[[ Input data open ]]

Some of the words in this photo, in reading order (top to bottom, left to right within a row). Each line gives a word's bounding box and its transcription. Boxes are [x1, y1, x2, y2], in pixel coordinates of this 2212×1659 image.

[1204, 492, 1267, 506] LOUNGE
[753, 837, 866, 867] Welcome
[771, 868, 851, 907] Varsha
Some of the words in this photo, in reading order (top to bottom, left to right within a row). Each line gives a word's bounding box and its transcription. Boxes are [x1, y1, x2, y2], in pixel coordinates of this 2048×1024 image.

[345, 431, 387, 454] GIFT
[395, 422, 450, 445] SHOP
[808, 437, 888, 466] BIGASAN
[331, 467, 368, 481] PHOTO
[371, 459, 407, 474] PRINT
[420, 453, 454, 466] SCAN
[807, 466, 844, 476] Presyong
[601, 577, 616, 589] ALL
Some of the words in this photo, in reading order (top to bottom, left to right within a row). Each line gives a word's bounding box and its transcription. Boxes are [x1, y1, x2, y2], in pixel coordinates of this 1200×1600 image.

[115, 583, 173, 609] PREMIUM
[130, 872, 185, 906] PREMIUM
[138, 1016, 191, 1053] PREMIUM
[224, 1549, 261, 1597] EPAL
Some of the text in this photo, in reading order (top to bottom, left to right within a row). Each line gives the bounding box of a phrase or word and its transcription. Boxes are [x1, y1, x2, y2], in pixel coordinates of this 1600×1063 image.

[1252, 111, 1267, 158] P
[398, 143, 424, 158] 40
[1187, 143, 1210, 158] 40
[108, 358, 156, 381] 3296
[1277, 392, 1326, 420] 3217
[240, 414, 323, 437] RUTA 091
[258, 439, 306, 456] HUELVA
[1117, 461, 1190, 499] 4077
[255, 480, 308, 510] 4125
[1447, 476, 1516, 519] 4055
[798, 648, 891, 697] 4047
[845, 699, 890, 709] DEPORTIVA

[[ Input data closed ]]

• Exercise objective
Repeat the listing exactly, from its first line to its last.

• Problem solution
Some of the words in this photo, in reading order (top to bottom, left to right within a row). Each line gives a word's bounding box and its transcription. Boxes are [x1, y1, x2, y2], in pixel coordinates of this 2212×1659 image.

[1204, 492, 1267, 506] LOUNGE
[753, 837, 866, 867] Welcome
[771, 868, 851, 907] Varsha
Some of the words in this photo, in reading order (top to bottom, left to right within a row). Each line gives a word's bounding box and its transcription. Boxes are [x1, y1, x2, y2], in pixel coordinates of this 2048×1024 image.

[345, 431, 387, 454] GIFT
[395, 422, 450, 445] SHOP
[808, 437, 888, 466] BIGASAN
[331, 467, 368, 481] PHOTO
[371, 459, 407, 474] PRINT
[420, 453, 454, 466] SCAN
[807, 466, 844, 476] Presyong
[601, 577, 616, 589] ALL
Some of the words in this photo, in reading order (top to bottom, left to right within a row). Each line gives a word's bounding box and its transcription. Boxes are [x1, y1, x2, y2], in pixel coordinates of this 1200×1600 image.

[115, 583, 173, 609] PREMIUM
[130, 872, 185, 906] PREMIUM
[138, 1016, 191, 1053] PREMIUM
[224, 1549, 261, 1597] EPAL
Some of the text in this photo, in reading order (top to bottom, left to right within a row). Each line gives the bounding box of a phrase or word and its transcription. Boxes are [x1, y1, x2, y2], in pixel coordinates of this 1600×1063 image.

[1252, 111, 1267, 158] P
[398, 143, 424, 158] 40
[1187, 143, 1210, 158] 40
[108, 358, 156, 381] 3296
[1277, 392, 1326, 420] 3217
[240, 414, 323, 437] RUTA 091
[258, 439, 306, 456] HUELVA
[1117, 461, 1190, 499] 4077
[255, 480, 308, 510] 4125
[1447, 476, 1516, 519] 4055
[798, 648, 891, 697] 4047
[845, 699, 890, 709] DEPORTIVA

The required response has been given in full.